Select Random Data From Python Dataframe based on Columns data distribution & Conditions - python

I have 12 rows in my input data and need to select 4 random rows which keeps the columns distribution in focus at the time of random selection.
This is a sample data, original data contains million rows.
Input data Sample -
input_data = pd.DataFrame({'Id': ['A','A','A','A','A','A','B','B','B','C','C','C'],
'Fruit': ['Apple','Mango','Orange','Apple','Apple','Mango','Apple','Mango','Apple','Apple','Apple','Orange'],
'City':['California','California','Chicago','Michigan','New York','Ohio','Michigan',
'Michigan','Ohio','Florida','New York','Washington']})
Output Data Expectation -
output_data = pd.DataFrame({'Id': ['A','A','B','C'],
'Fruit': ['Apple','Mango','Apple','Orange'],
'City':['California','Ohio','Michigan','New York']})

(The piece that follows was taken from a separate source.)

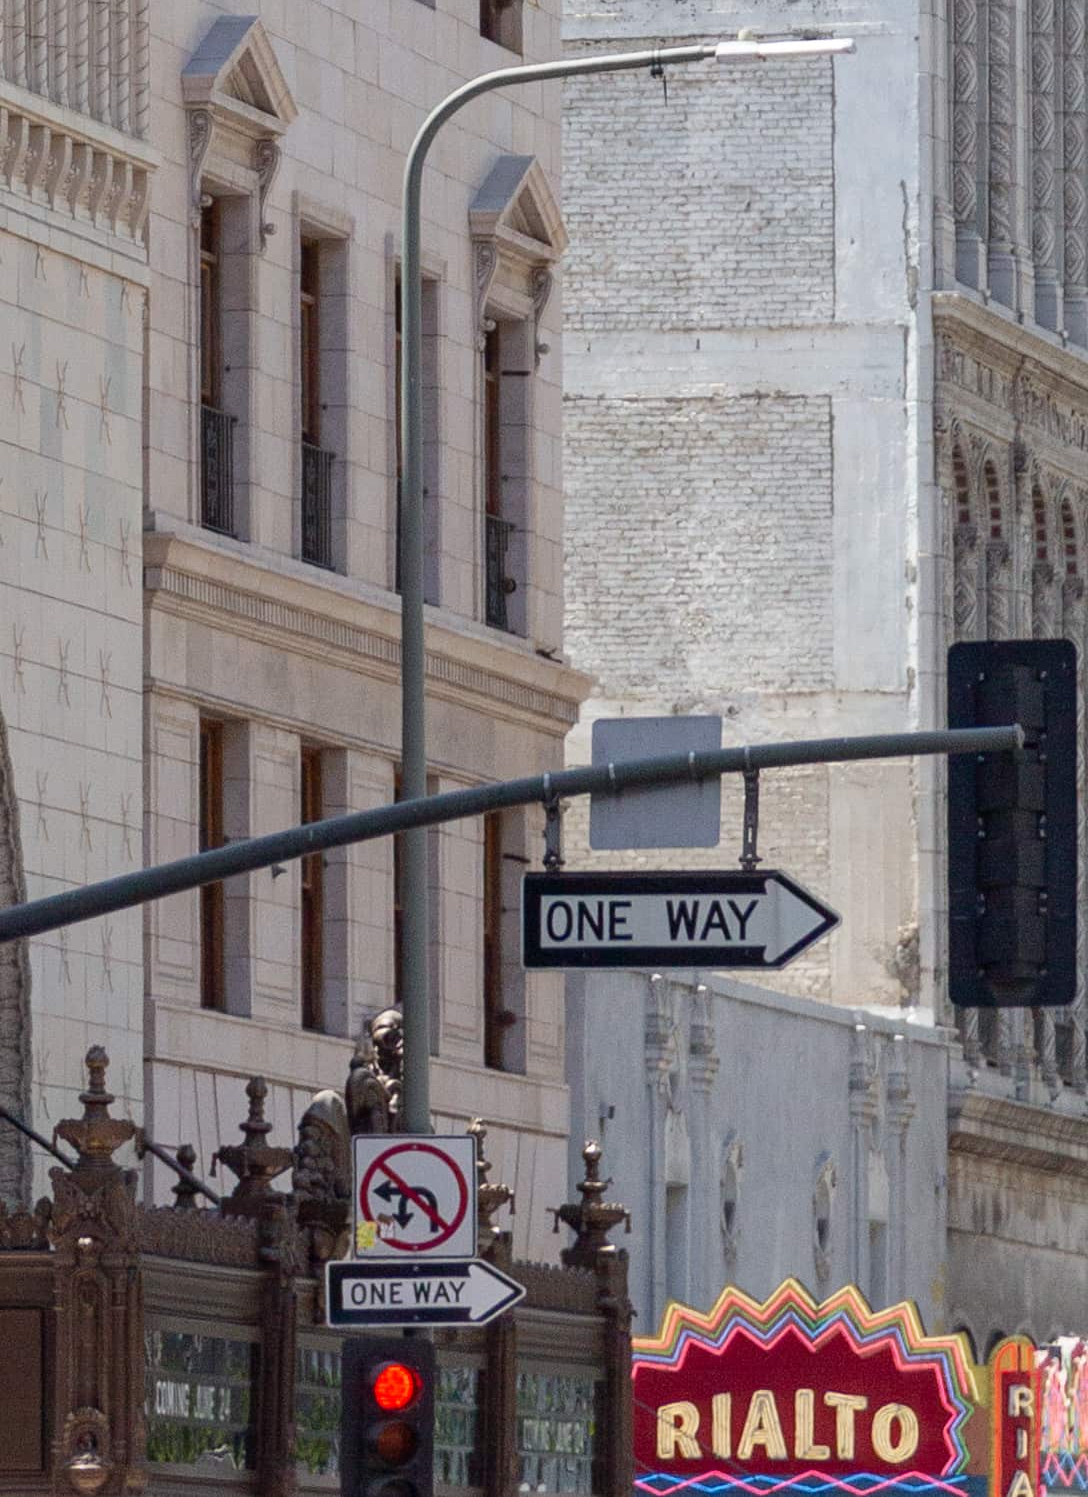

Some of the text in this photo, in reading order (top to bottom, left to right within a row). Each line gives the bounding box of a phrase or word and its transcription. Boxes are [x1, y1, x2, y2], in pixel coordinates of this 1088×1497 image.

My random selection should consider the below three parameters -
The Id distribution, in below image, out of 4, 2 rows should be selected from A, 1 row from B and one from C
The Fruit distribution, 2 rows for Apple, 1 for Mango and 1 for Orange
The data should prioritize the higher frequency Cities
I am aware of sampling the data using pandas sample function and tried that which gives me unbalanced selection -
input_data.sample(n = 4)
Any leads on how to attend the problem is really appreciated!

You are prescribing probabilities on single random variables 3 times, once on the ID, once on fruit and once on the city, whereas you need to select an ordered tuple of 3: (ID, fruit, city), and you have restriction on the possible combinations too. In general, it is not possible. I'll explain why not so that you can modify your question to match your needs.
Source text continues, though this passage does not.